§ **REQUIREMENT**:
Transcribe exactly, and only, the lines from the one containing "this 1200×1600 image." through the end of the entries below, leaving the pictures out.

§ **DATA SUPPLIED**:
╔══
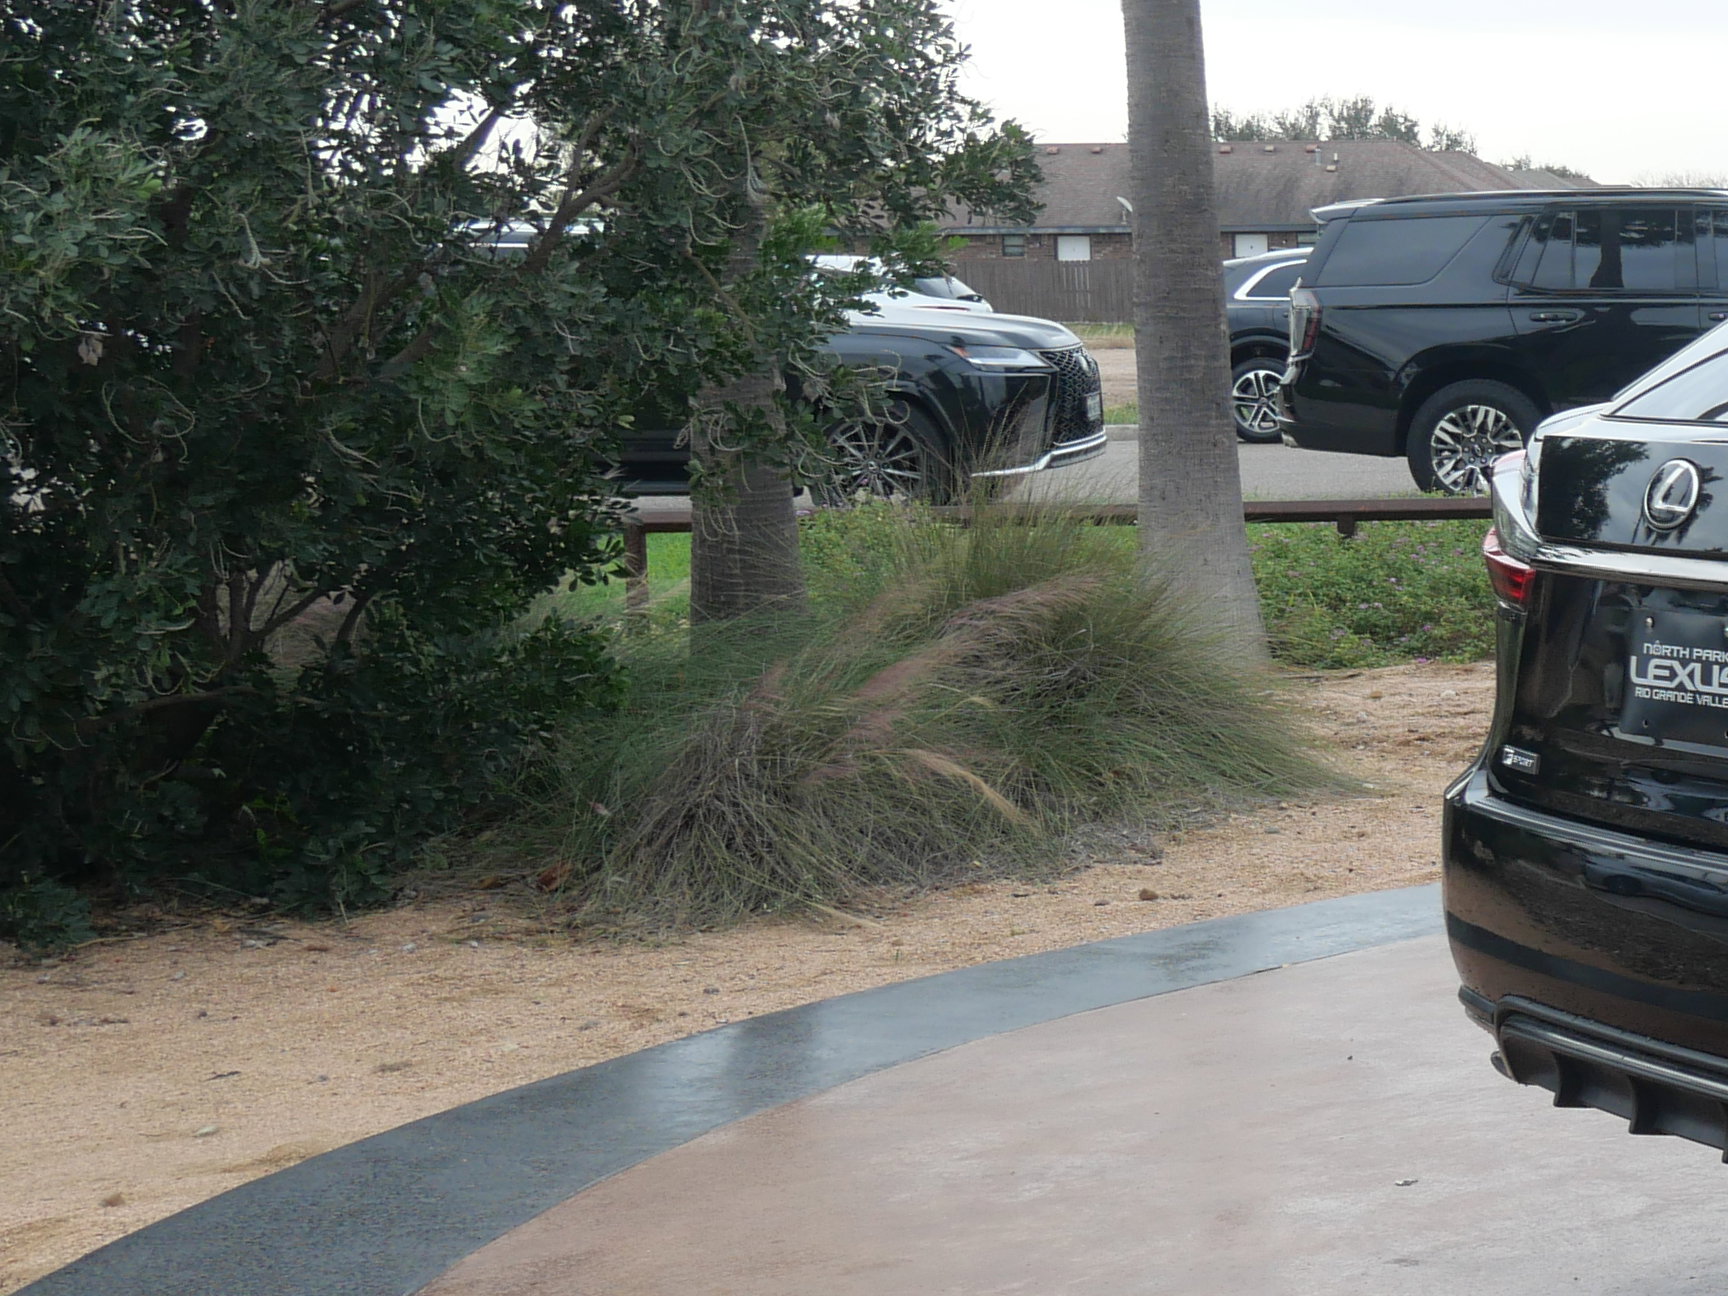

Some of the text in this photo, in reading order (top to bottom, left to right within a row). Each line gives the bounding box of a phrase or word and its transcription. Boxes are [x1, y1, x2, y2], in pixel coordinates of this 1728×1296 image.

[1643, 641, 1690, 659] NORTH
[1635, 686, 1651, 698] RIO
[1652, 689, 1694, 704] GRANDE
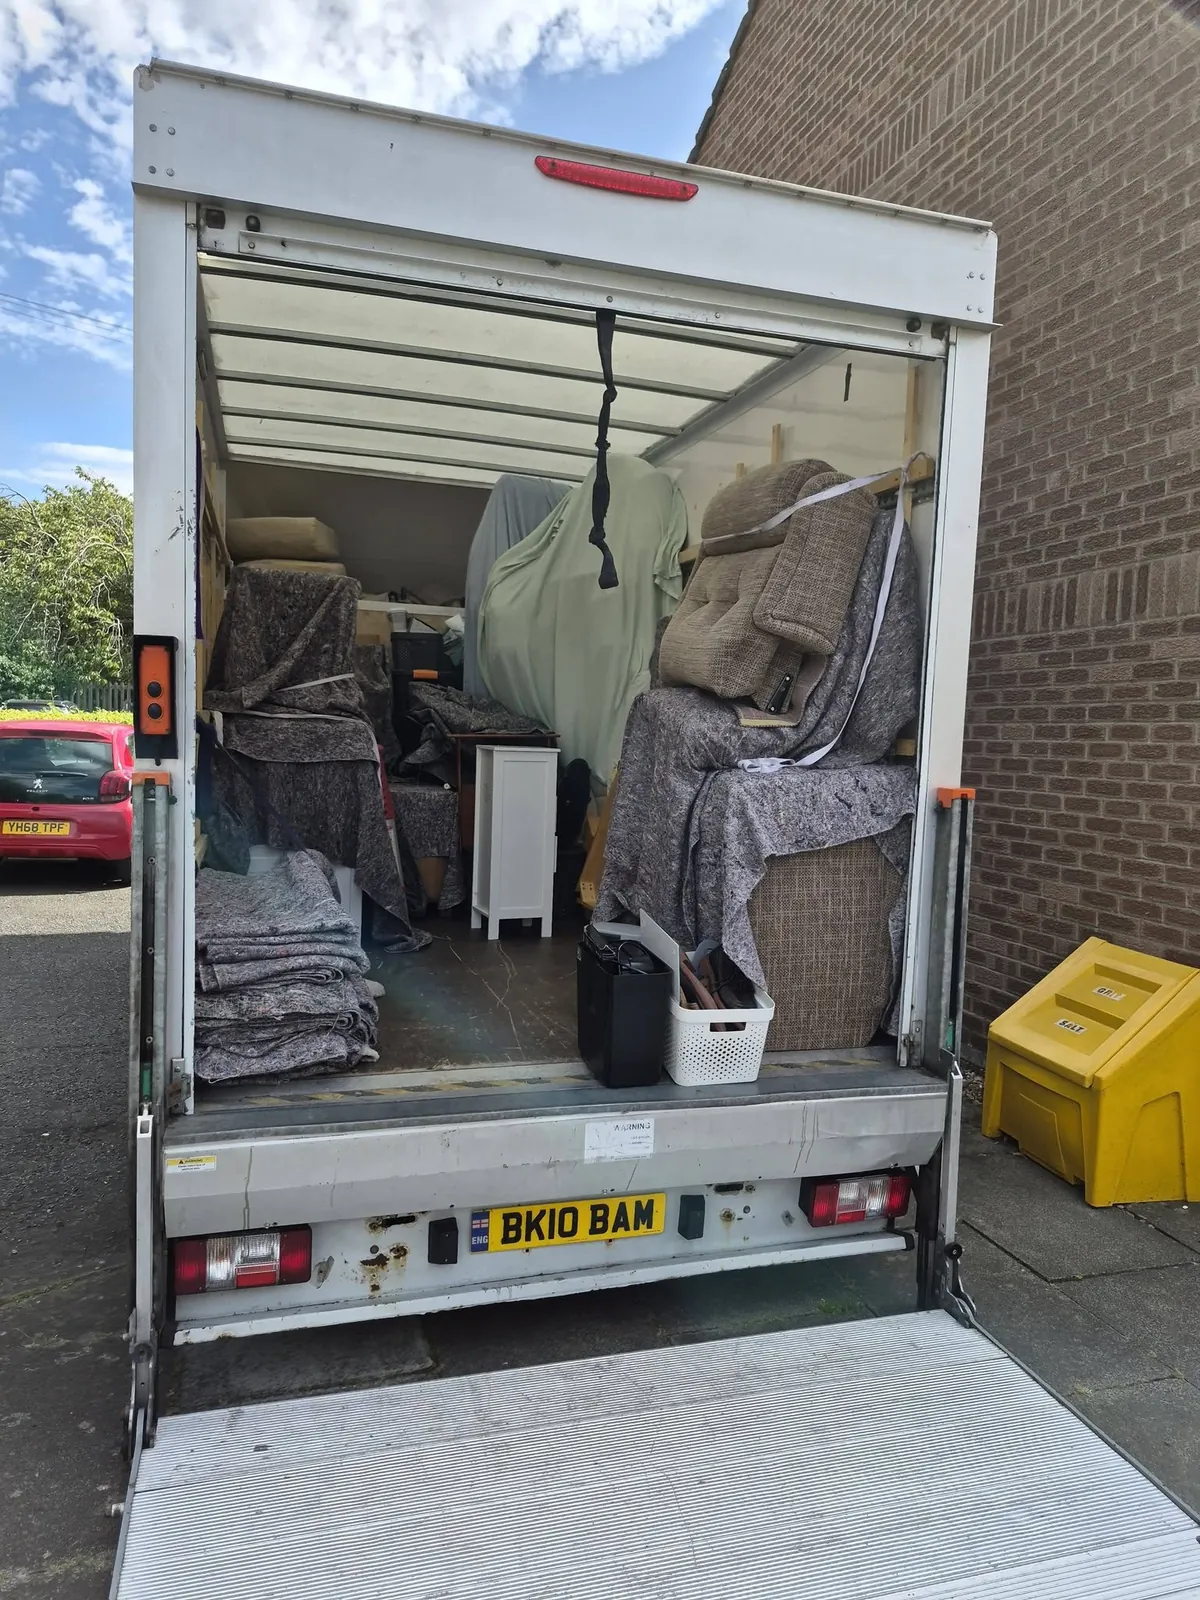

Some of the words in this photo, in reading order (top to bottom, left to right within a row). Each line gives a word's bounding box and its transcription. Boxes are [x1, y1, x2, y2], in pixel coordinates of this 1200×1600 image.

[8, 822, 39, 832] YH68
[43, 823, 64, 832] TPF
[1058, 1020, 1085, 1032] SALT
[613, 1122, 651, 1132] WARNING
[501, 1206, 578, 1244] BK10
[589, 1199, 654, 1235] BAM
[472, 1235, 488, 1245] ENG
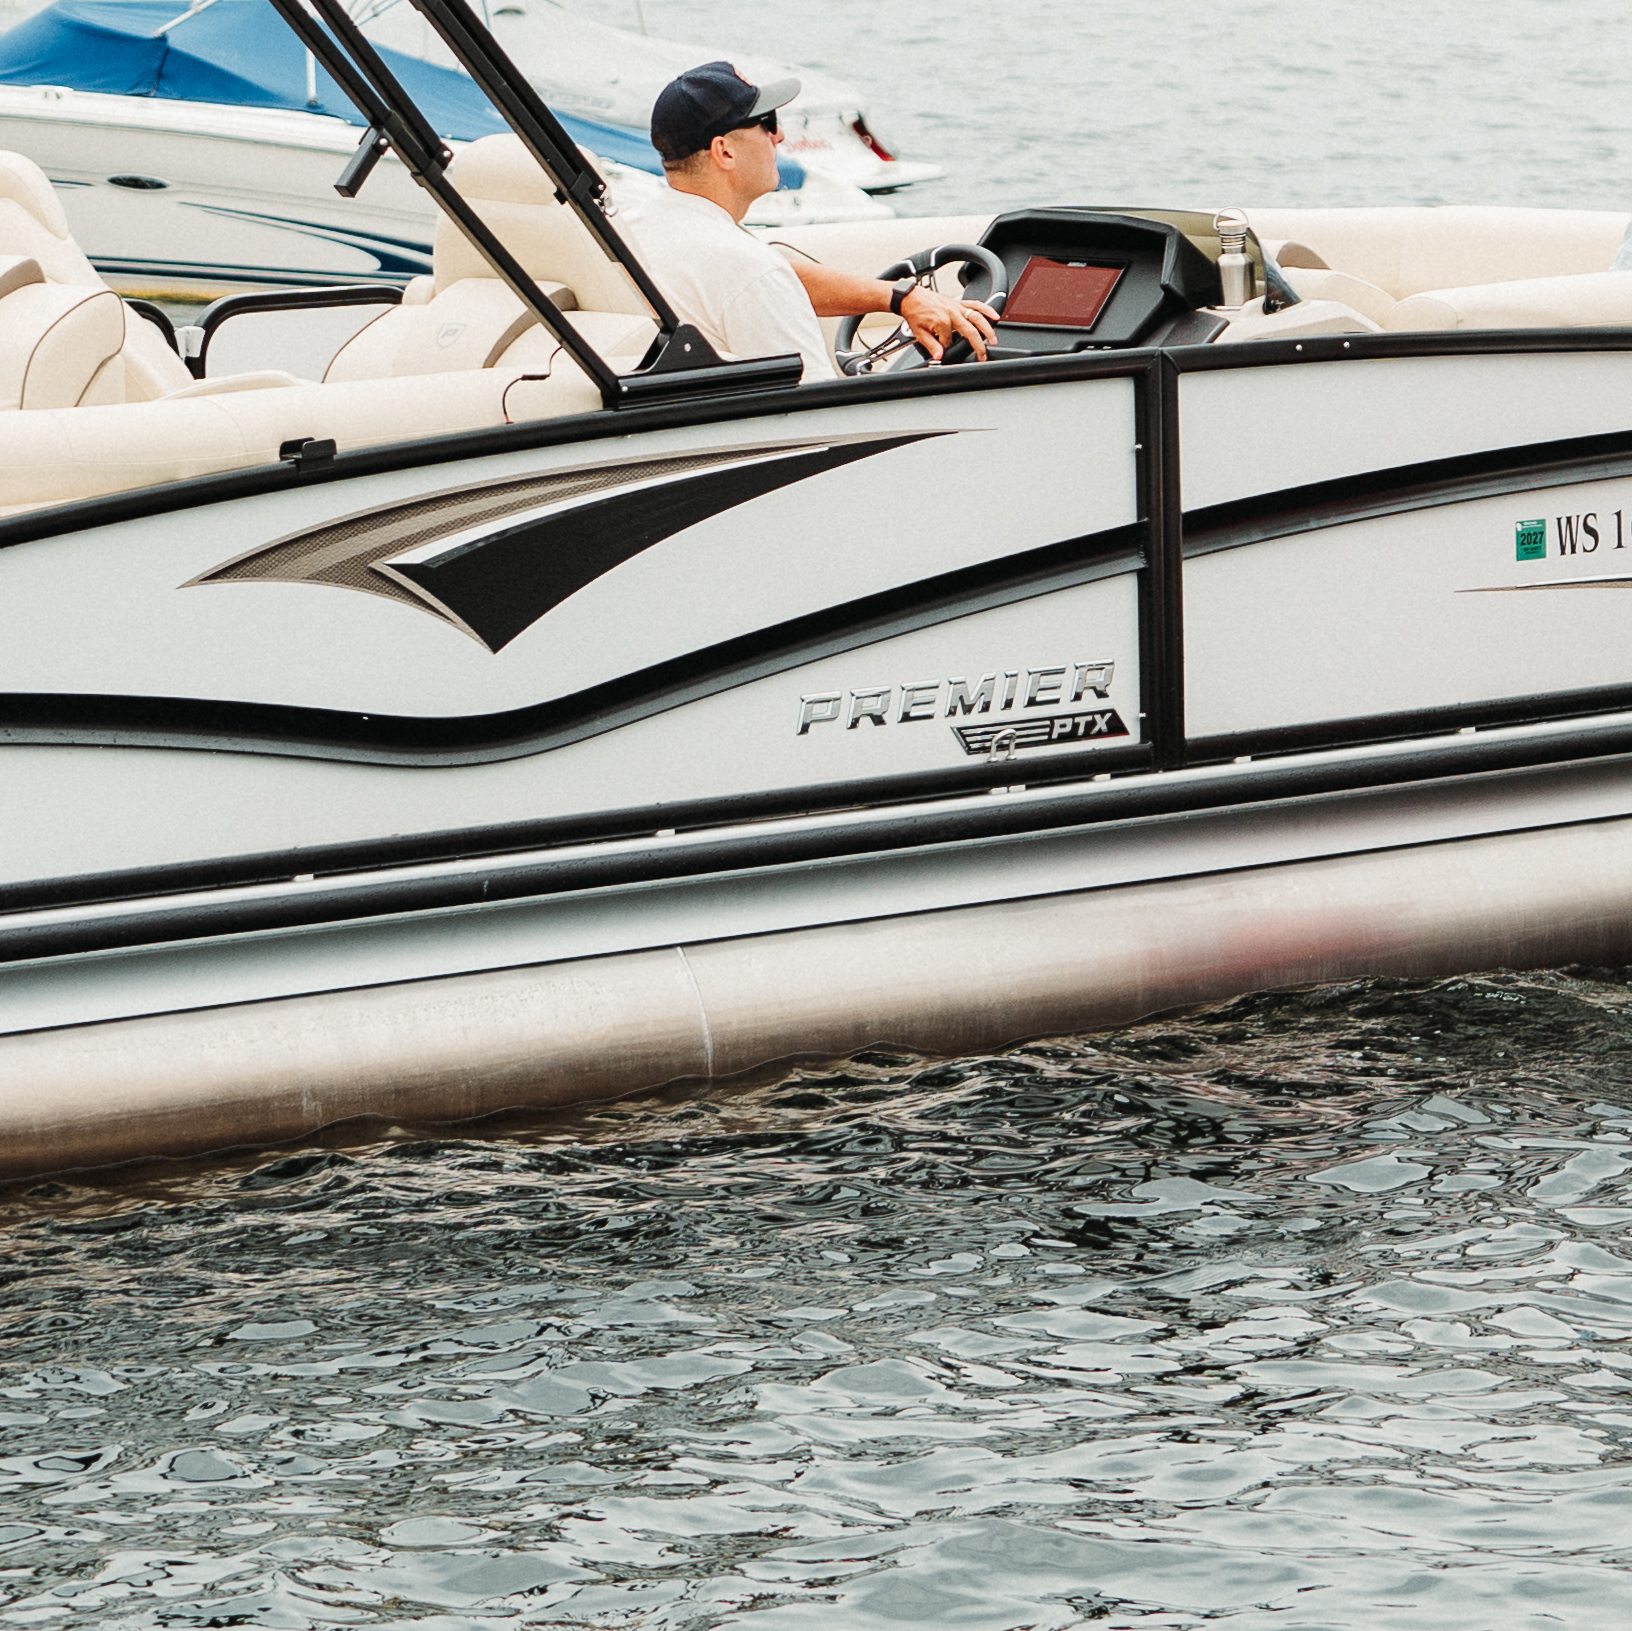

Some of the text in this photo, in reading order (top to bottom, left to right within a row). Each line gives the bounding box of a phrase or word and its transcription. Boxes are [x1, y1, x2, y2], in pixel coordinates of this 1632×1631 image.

[1520, 531, 1544, 546] 2027
[1556, 512, 1600, 556] WS
[796, 658, 1115, 735] PREMIER
[1051, 712, 1113, 740] PTX
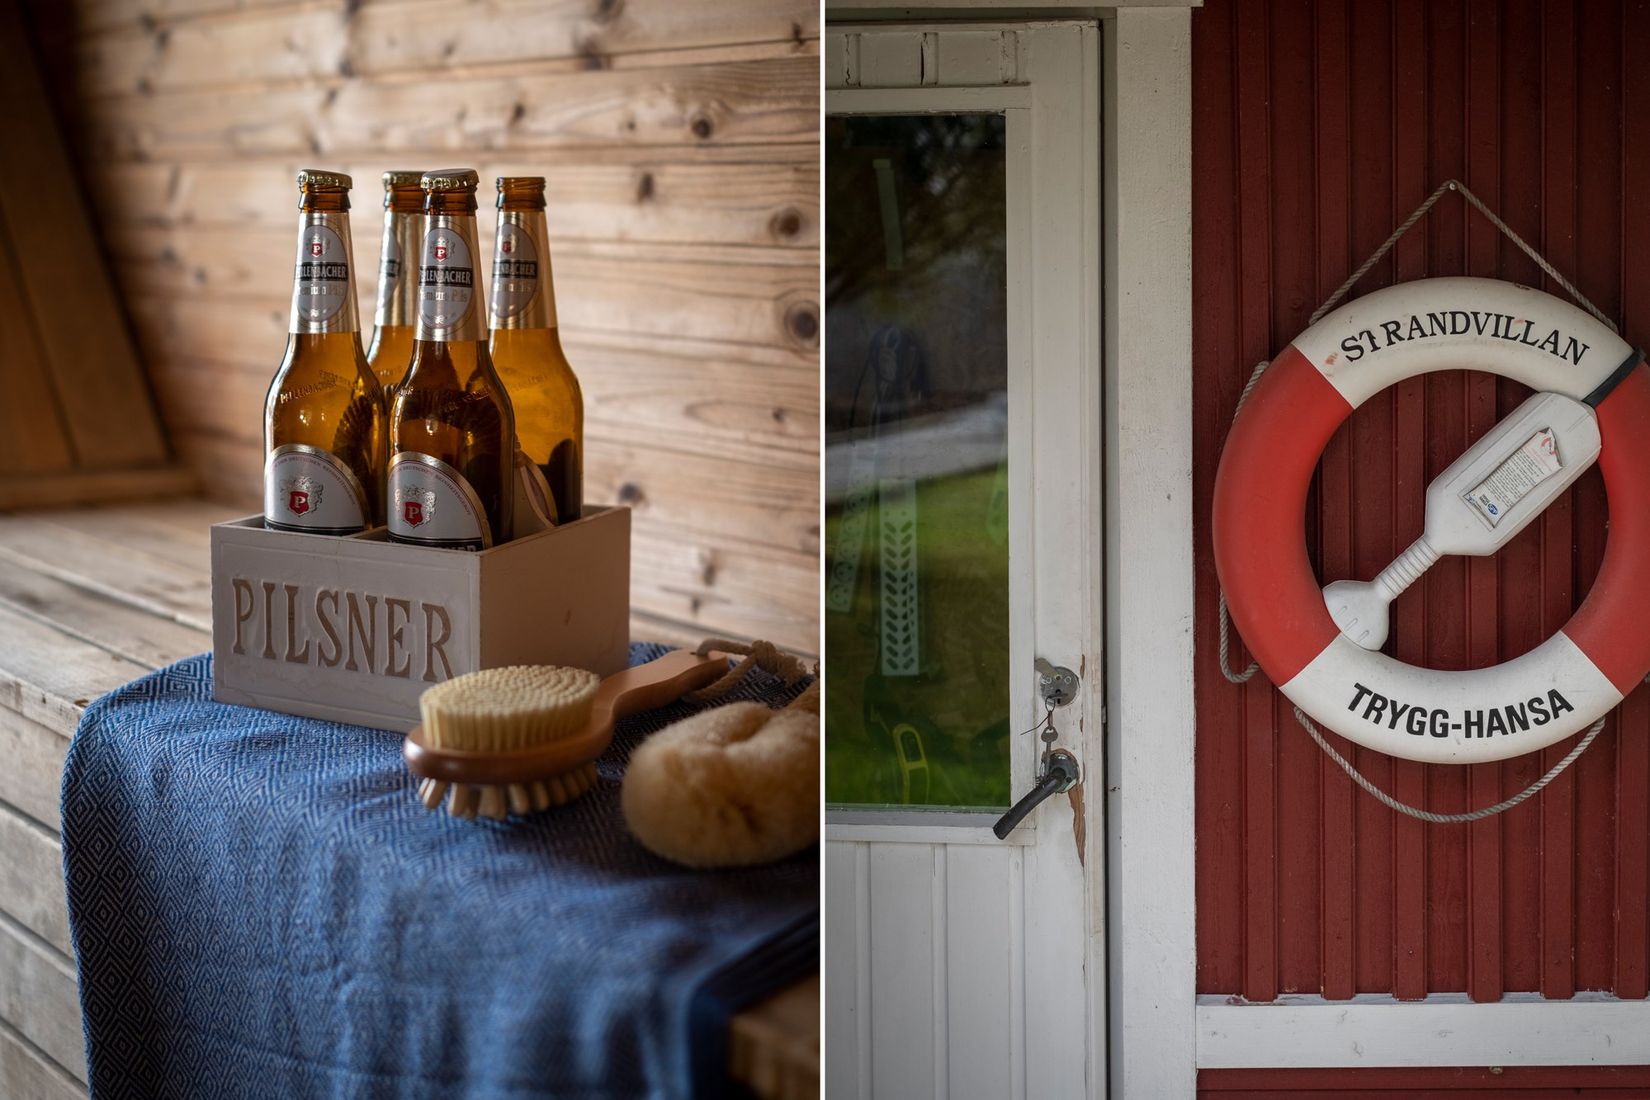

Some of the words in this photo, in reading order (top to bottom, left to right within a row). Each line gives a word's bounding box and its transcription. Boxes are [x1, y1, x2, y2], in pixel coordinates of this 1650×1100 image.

[313, 245, 320, 253] P
[437, 248, 445, 257] P
[1341, 311, 1590, 366] STRANDVILLAN
[294, 496, 306, 508] P
[408, 506, 420, 519] P
[232, 578, 454, 682] PILSNER
[1348, 682, 1575, 739] TRYGG-HANSA
╚══
§ **ANSWER SPACE**:
Some of the words in this photo, in reading order (top to bottom, left to right within a row). Each line gives a word's bounding box and its transcription. Boxes are [x1, y1, x2, y2], in pixel coordinates of this 1200×1600 image.

[8, 822, 39, 832] YH68
[43, 823, 64, 832] TPF
[1058, 1020, 1085, 1032] SALT
[613, 1122, 651, 1132] WARNING
[501, 1206, 578, 1244] BK10
[589, 1199, 654, 1235] BAM
[472, 1235, 488, 1245] ENG

Some of the text in this photo, in reading order (top to bottom, left to right within a row). Each line gives the bounding box of a phrase or word and its transcription. Boxes are [x1, y1, x2, y2], in pixel coordinates of this 1632×1631 image.

[1520, 531, 1544, 546] 2027
[1556, 512, 1600, 556] WS
[796, 658, 1115, 735] PREMIER
[1051, 712, 1113, 740] PTX

Some of the words in this photo, in reading order (top to bottom, left to right within a row). Each line gives a word's bounding box and its transcription. Boxes are [x1, y1, x2, y2], in pixel coordinates of this 1650×1100 image.

[313, 245, 320, 253] P
[437, 248, 445, 257] P
[1341, 311, 1590, 366] STRANDVILLAN
[294, 496, 306, 508] P
[408, 506, 420, 519] P
[232, 578, 454, 682] PILSNER
[1348, 682, 1575, 739] TRYGG-HANSA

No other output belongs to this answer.